L = ['red', 'green', 'blue']
X = L.copy()
print(X)    # ['red', 'green', 'blue']

copy() vs Assignment statement

Assignment statement does not copy objects. For example,

Example:

old_List = ['red', 'green', 'blue']
new_List = old_List
new_List[0] = 'xx'
print(old_List)     # ['xx', 'green', 'blue']
print(new_List)     # ['xx', 'green', 'blue']

When you execute new_List = old_List, you don’t actually have two lists.
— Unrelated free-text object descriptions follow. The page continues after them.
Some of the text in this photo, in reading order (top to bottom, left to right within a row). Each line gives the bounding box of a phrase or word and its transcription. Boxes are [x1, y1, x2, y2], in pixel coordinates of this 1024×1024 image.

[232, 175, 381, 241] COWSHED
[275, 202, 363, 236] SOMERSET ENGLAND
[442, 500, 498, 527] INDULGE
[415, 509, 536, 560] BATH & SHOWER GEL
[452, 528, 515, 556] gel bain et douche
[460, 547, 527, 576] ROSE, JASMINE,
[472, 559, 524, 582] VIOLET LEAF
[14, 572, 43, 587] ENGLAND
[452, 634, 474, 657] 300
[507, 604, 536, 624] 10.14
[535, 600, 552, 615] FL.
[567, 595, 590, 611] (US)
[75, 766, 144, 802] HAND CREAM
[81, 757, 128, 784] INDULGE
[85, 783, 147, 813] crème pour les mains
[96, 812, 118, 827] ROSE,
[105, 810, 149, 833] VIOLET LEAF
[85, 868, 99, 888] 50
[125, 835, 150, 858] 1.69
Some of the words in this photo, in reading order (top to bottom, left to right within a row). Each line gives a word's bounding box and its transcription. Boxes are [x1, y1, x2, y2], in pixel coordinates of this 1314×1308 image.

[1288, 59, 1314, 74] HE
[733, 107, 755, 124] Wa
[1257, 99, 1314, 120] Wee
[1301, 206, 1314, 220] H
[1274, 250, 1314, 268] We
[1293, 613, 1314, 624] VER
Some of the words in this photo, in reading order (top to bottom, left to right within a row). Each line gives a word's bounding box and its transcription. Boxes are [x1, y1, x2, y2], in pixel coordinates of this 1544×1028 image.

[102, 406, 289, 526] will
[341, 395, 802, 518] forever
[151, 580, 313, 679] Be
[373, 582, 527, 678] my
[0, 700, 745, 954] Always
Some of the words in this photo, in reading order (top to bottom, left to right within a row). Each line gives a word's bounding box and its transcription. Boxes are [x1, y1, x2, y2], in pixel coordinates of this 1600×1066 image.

The assignment just makes the two variables point to the one list in memory.

copy method vs assignment statement

So, when you change new_List, old_List is also modified.

If you want to change one copy without changing the other, use copy()method.

Example:

old_List = ['red', 'green', 'blue']
new_List = old_List.copy()
new_List[0] = 'xx'
print(old_List)     # ['red', 'green', 'blue']
print(new_List)     # ['xx', 'green', 'blue']

Equivalent Method

Assigning a slice of the entire list to a variable is equivalent to copy() method.

Example: Copy list with start-to-end slice

L = ['red', 'green', 'blue']
X = L[:]
print(X)    # ['red', 'green', 'blue']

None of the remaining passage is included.